Elephant Larry's members drew their material from television, history, and popular culture. A recurring joke involved a game show that was named after an overly elaborate description of its premise, rules, and grand prize. The traditional "man visits doctor" scenario was turned on its ear when the doctor turned out to be a chatbot. (For those unfamiliar with instant messaging, this is a computer-generated "persona" that responds to a user's questions with a stock set of answers.)

The most lovably silly sketch centered on Dr. Frankenstein's monster creating his own monster, whose vocabulary was mostly limited to the word "monster." The simple repetition of that word was enough to get everyone laughing, and the sketch continued in surprising ways from there.

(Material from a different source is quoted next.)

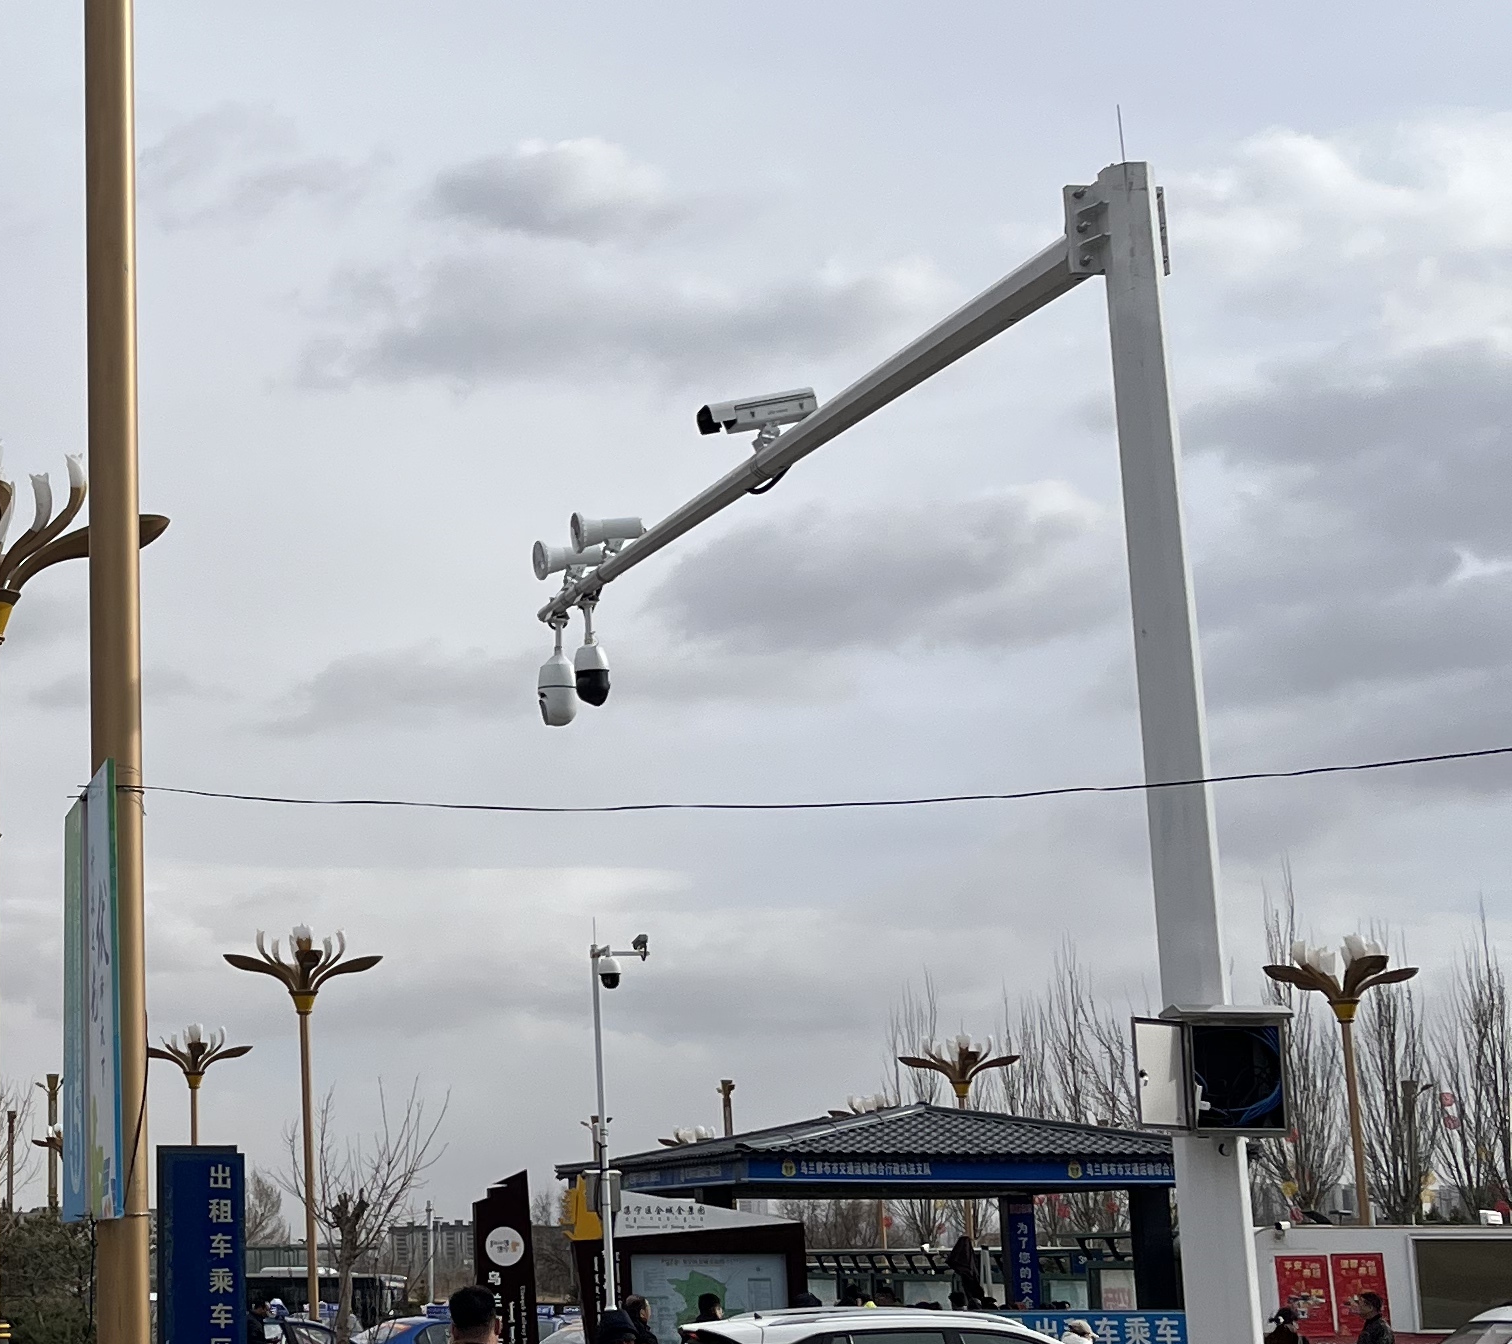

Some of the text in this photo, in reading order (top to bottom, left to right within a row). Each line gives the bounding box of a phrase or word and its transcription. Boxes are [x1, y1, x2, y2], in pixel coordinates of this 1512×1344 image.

[1017, 1222, 1034, 1309] 为了您的安全

One of the classic pitfalls of the form, which has plagued everybody from the lads of Monty Python to SNL's Not Ready for Primetime Players, is how to end a sketch. In the absence of a proper conclusion, writers will comment on the lack of an ending, spin the premise out into boredom, or just abandon the sketch entirely. To their credit, Elephant Larry's performers were able to end on a joke and a blackout, without leaving the audience feeling cheated.

EL has written a strong show, full of sketches that make you smile and several that make you laugh out loud. It's impressive how it has created a show that, without a lot of profanity, politics, or "blue" jokes, manages to play smart and not square. These guys are earnest, clever, and ready to please; it's a refreshing change of pace in an increasingly snarky, too-hip-for-the-room NYC comedy scene.

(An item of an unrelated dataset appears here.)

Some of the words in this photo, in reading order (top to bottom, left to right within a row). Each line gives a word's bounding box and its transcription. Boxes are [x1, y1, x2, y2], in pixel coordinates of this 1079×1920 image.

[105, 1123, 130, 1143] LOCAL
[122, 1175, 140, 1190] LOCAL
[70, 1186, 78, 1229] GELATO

For those comedians who are willing to try their luck at sketch comedy, the creative struggles tend to outweigh the returns. (How often does a sketch comedian turn his or her stage success into onscreen success that doesn't involve being a background player on a televised sketch show?) Lucky for New York that Elephant Larry doesn't dwell on such things. Its performers' goal is simple: for 60 minutes, they want to make our troubles go BOOM.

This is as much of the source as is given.